Vitamins are micronutrients, meaning we need only a small amount. However, they are very important for many processes in our bodies.
Whole-wheat flour has a higher amount of vitamin A, vitamin C, vitamin B2 (Riboflavin), vitamin B5 (Pantothenic acid), vitamin B6 (Pyroxidine), vitamin B9 (Folate), vitamin E, and vitamin K.
However, chickpeas have a higher amount of vitamin B1 (Thiamine), and vitamin B3 (Niacin).
Whole-wheat flour and chickpeas contain the same amount of vitamin D, and vitamin B12 (Cobalamin).
The following table shows the exact amount of vitamins whole-wheat flour and chickpeas contain side by side, so you can easily compare them.
|Vitamin A||9 IU||67 IU|
|Vitamin C||0||4 mg|
|Vitamin B1 (Thiamine)||0.502 mg||0.477 mg|
|Vitamin B2 (Riboflavin)||0.165 mg||0.212 mg|
|Vitamin B3 (Niacin)||4.96 mg||1.54 mg|
|Vitamin B5 (Pantothenic acid)||0.603 mg||1.59 mg|
|Vitamin B6 (Pyroxidine)||0.407 mg||0.535 mg|
|Vitamin B9 (Folate)||44 µg||557 µg|
|Vitamin B12 (Cobalamin)||0||0|
|Vitamin E||0.71 mg||0.82 mg|
|Vitamin K||1.9 µg||9 µg|
Whole-wheat flour vs Chickpeas Minerals Content
Minerals are important for our body to function properly. We need only a small amount of minerals, so they are called micronutrients.
Some minerals, like iron, calcium, zinc or, iodine, are relatively hard to get on a plant-based diet, so it’s important to choose your foods thoughtfully.
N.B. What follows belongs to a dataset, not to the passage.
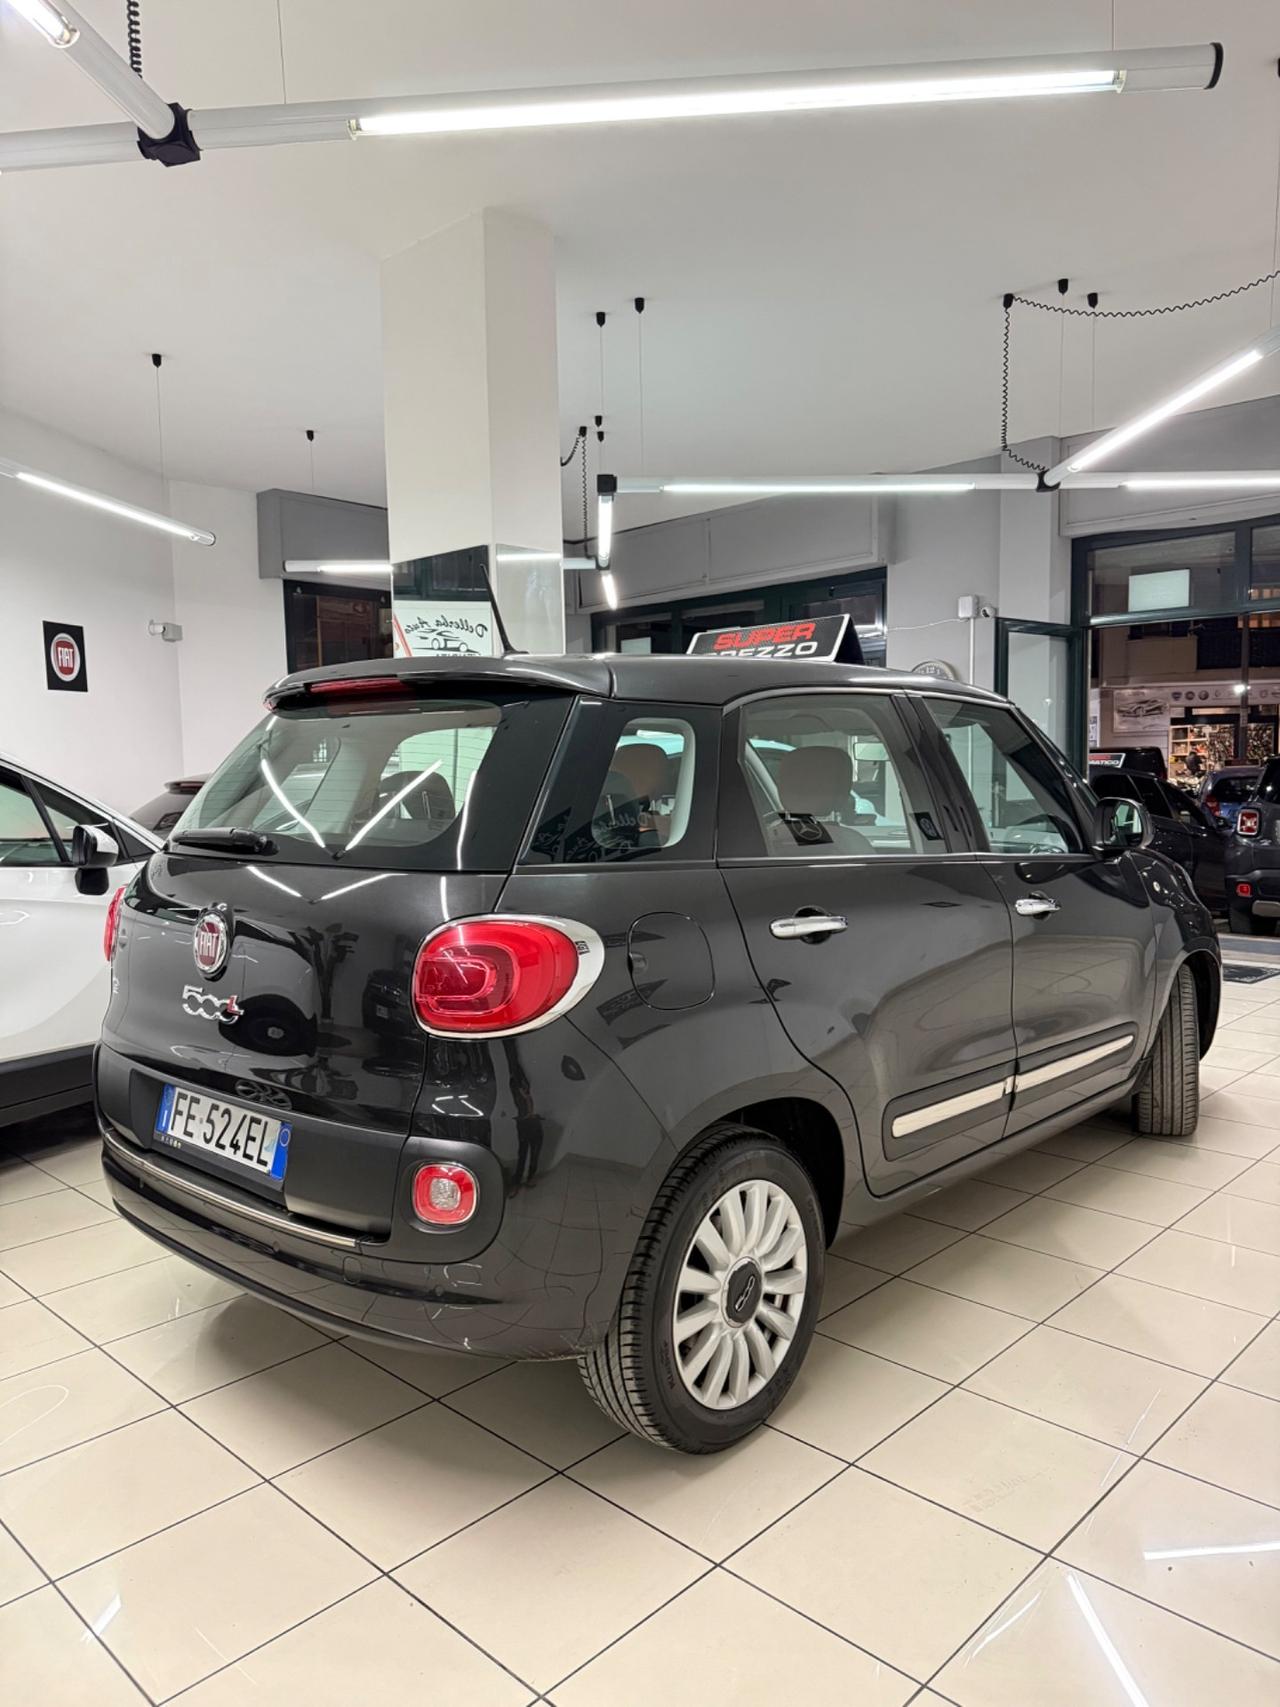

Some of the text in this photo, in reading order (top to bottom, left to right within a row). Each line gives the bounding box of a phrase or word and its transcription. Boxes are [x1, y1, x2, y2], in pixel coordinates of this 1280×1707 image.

This part of the whole-wheat flour and chickpeas comparison focuses on their mineral content.
Whole-wheat flour is a better source of calcium, copper, fluoride, iron, manganese, potassium, sodium, and zinc than chickpeas.
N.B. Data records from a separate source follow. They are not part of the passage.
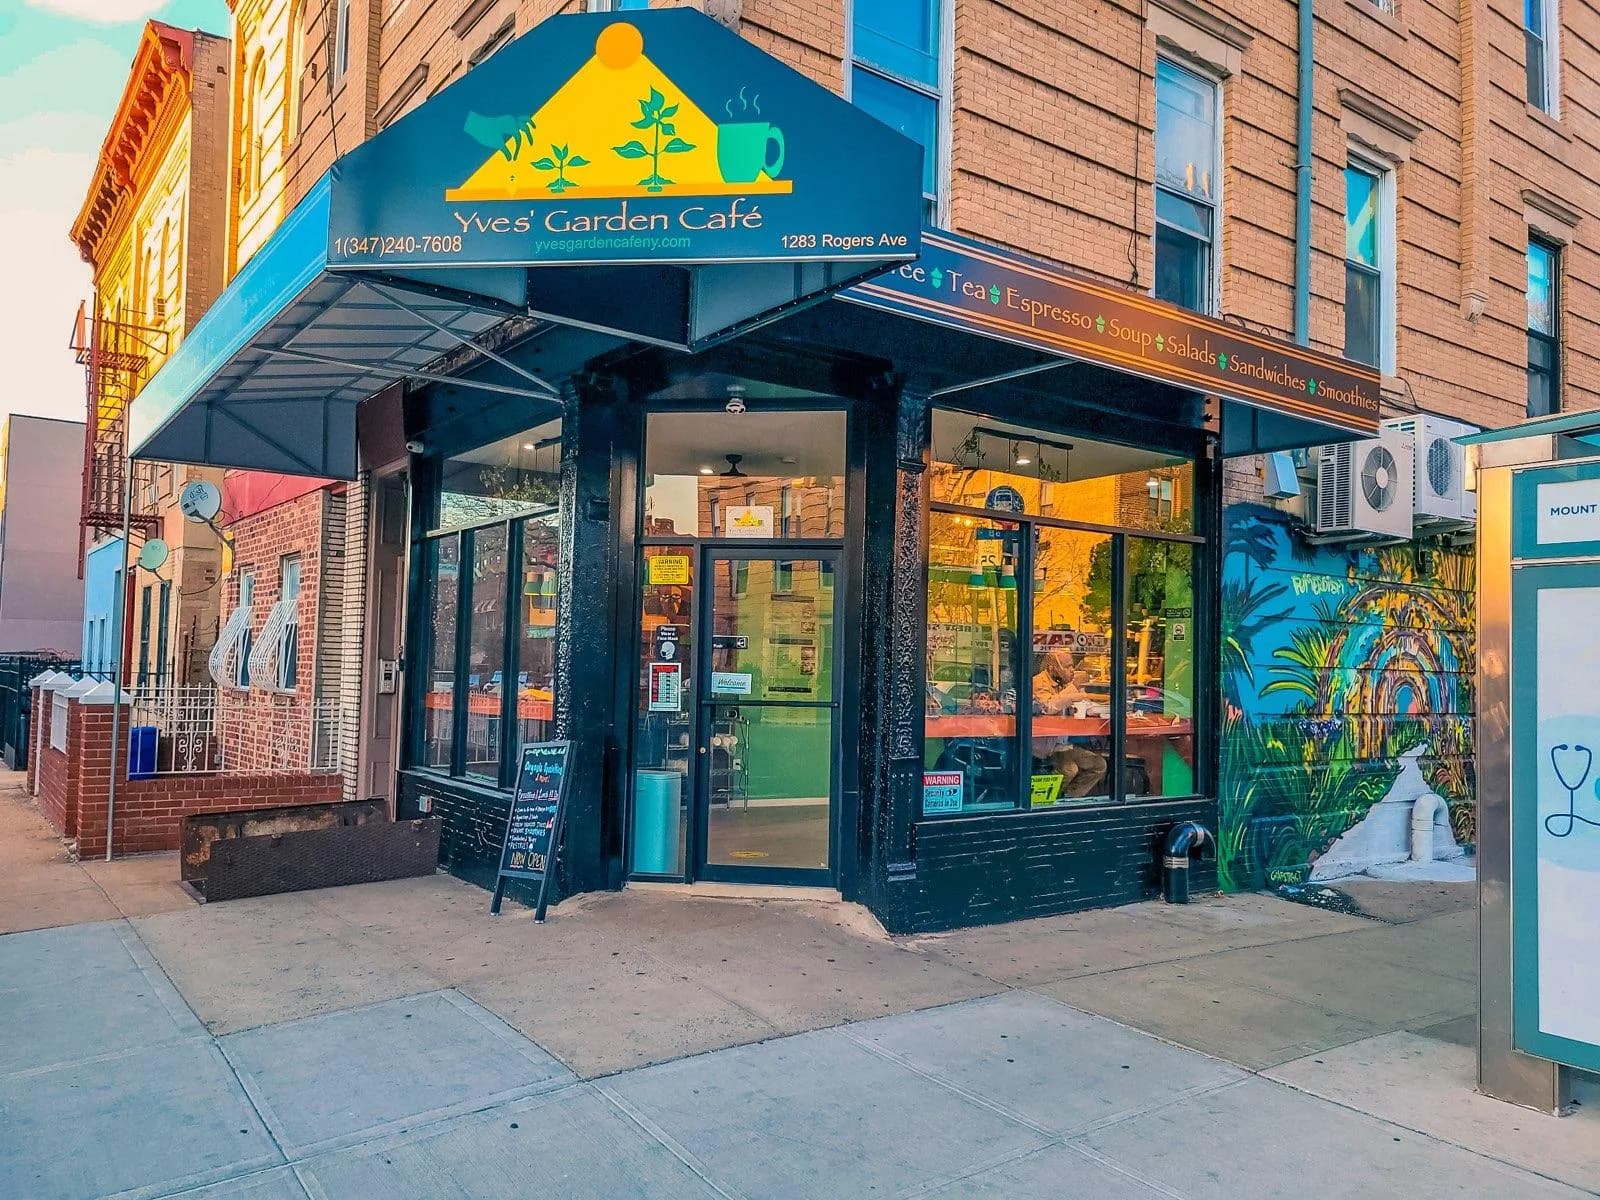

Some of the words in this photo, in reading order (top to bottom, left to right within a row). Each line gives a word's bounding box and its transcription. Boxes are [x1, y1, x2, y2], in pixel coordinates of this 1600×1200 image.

[454, 209, 535, 234] Yves'
[544, 200, 668, 232] Garden
[678, 198, 763, 230] Café
[333, 235, 463, 258] 1(347)240-7608
[535, 235, 691, 254] yvesgardencafeny.com
[781, 234, 816, 249] 1283
[822, 234, 875, 250] Rogers
[879, 233, 907, 247] Ave
[946, 269, 987, 301] Tea
[1006, 287, 1093, 330] Espresso
[1108, 319, 1152, 356] Soup
[1166, 334, 1217, 366] Salads
[1229, 354, 1306, 392] Sandwiches
[1317, 380, 1379, 412] Smoothies
[1550, 504, 1598, 516] MOUNT
[718, 677, 745, 687] Welcome
[925, 775, 960, 785] WARNING
[527, 852, 547, 870] OPEN
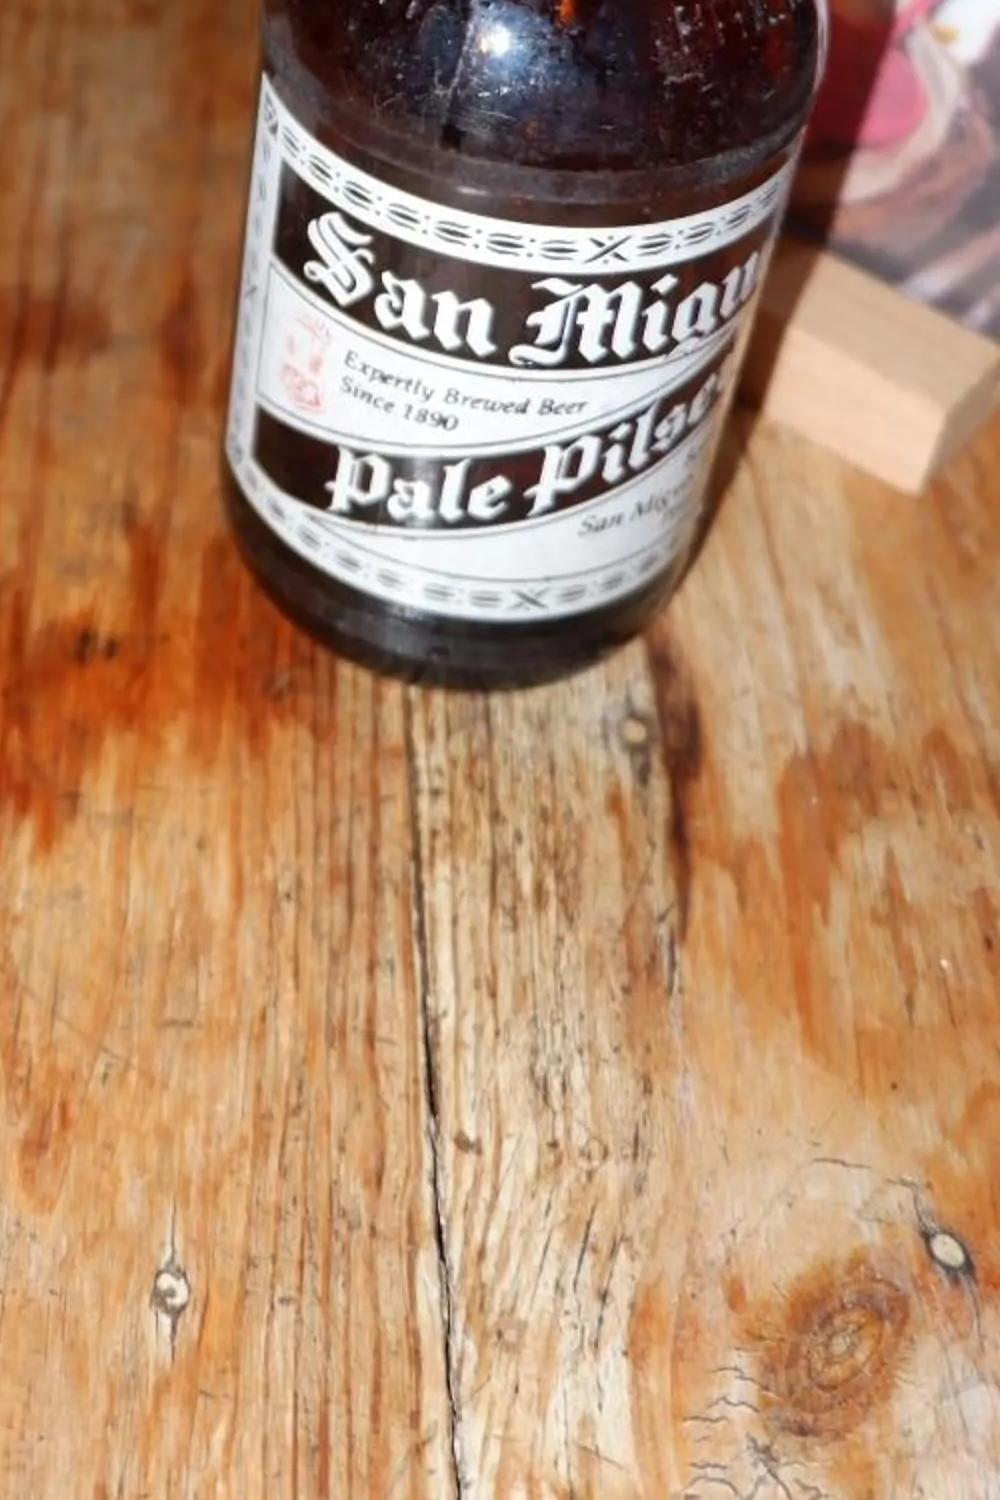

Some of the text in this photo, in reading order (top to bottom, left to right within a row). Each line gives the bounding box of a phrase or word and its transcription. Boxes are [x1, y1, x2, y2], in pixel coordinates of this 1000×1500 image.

[303, 211, 763, 369] San Migu
[340, 375, 460, 433] Since 1890
[343, 349, 589, 416] Expertly Brewed Beer
[324, 372, 723, 522] Pale Pilse
[577, 514, 625, 538] San
On the other hand, chickpeas are a higher amount of magnesium, phosphorus, and selenium.
Check out the table below to learn how whole-wheat flour and chickpeas compare when it comes to mineral content.
|Calcium||34 mg||57 mg|
|Copper||0.41 mg||0.656 mg|
|Iron||3.6 mg||4.31 mg|
|Magnesium||137 mg||79 mg|
|Manganese||4.07 mg||21.3 mg|
|Phosphorus||357 mg||252 mg|
|Potassium||363 mg||718 mg|
|Sodium||2 mg||24 mg|
|Zinc||2.6 mg||2.76 mg|
The Final Word
Whole-wheat flour and chickpeas are highly nutritious and a great addition to a plant-based diet.
Both whole-wheat flour and chickpeas are high in specific vitamins and minerals, and including them in your diet will give you the most benefits they offer.
Antioxidants found in grains and legumes can help to protect cells from damage and may reduce the risk of certain diseases and the effects of aging.
Additionally, the fiber and other nutrients in these foods can support the health of the digestive system and may even help to prevent certain digestive cancers.
Legumes and grains are a versatile food that can be incorporated into any meal of the day, including breakfast, lunch, or dinner. They can be served hot or cold, making them a convenient and tasty addition to a variety of dishes.